Wiens doesn’t claim lifting could be a miracle cure for everyone, but a first-of-its-kind study published this month adds credence to the possibility that it might help.
The study, published in Medicine & Science in Sports & Exercise, concluded that strength training may help fatigue-proof your muscles by improving their capacity to burn oxygen—a key component of cycling endurance. In the study, University of Texas researchers put a small group of men on a 12-week, three-day-per-week, total-body resistance-training program. At the end of the study, the volunteers got bigger and stronger muscles, as one would expect. However, they also saw a significant increase in both the number and size of their mitochondria, which are the energy producing “power plants” inside your cells. More, stronger mitochondria in your muscle cells means you can keep up with the huge oxygen demands required to hammer down the road longer before going into the red and making energy—and lactic acid—without oxygen, pushing back the point of muscle fatigue and maybe cramping.

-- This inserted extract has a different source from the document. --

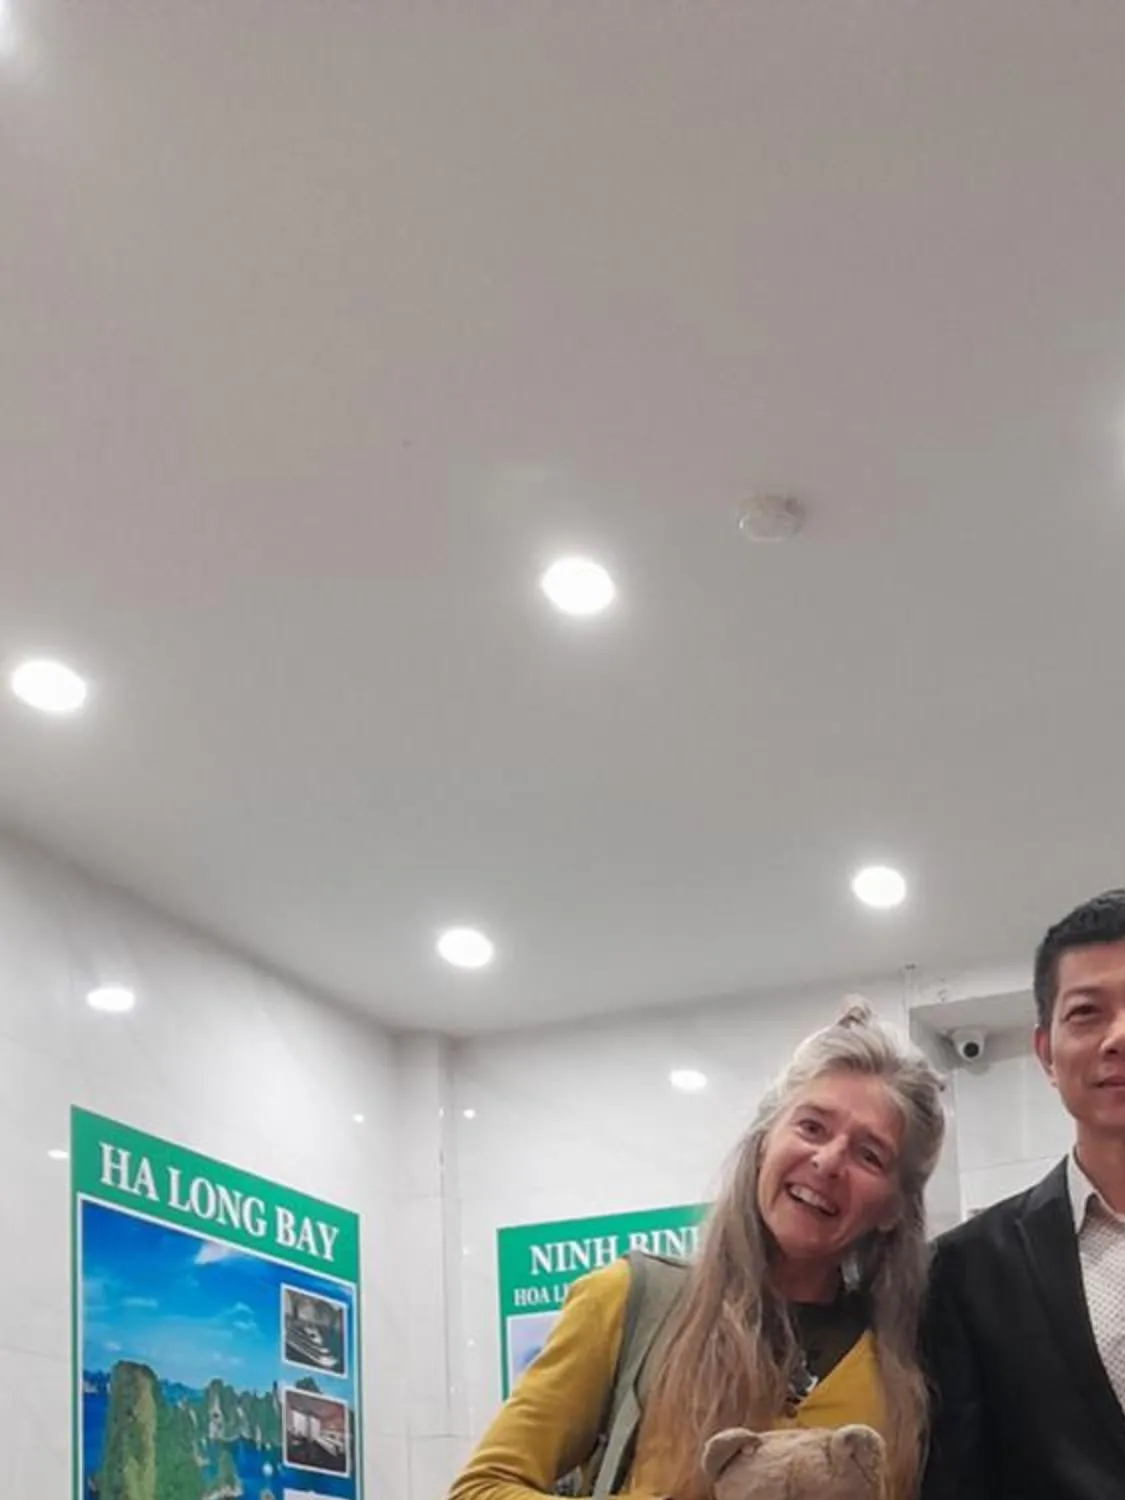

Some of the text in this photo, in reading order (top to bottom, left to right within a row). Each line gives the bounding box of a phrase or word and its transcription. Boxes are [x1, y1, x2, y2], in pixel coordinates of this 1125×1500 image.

RELATED: Understanding Your Lactic Acid Threshold
Study aside, Andy Pruitt, founder of the Boulder Center for Sports Medicine, agrees that lifting as a cycling-cramp minimizer makes good sense.
“Cramping is still poorly understood,” Pruitt says, citing the usual suspects, such as dehydration, electrolyte imbalance, in addition to neuromuscular fatigue. Everyone has to take care of their hydration and nutrition regardless (especially since they help fend off fatigue), Pruitt says, but making your muscles more fatigue-proof could go a long way in quelling cramping problems when you’re pushing harder than usual, as in race situations. “The bigger and stronger the muscle, the more fibers it can recruit during times of need.”
Cyclists new to strength training will benefit greatly from focusing on leg exercises and core strength work. Make sure you’re performing exercises correctly, though, or the only buildup you’ll see will be in your number of days off the bike.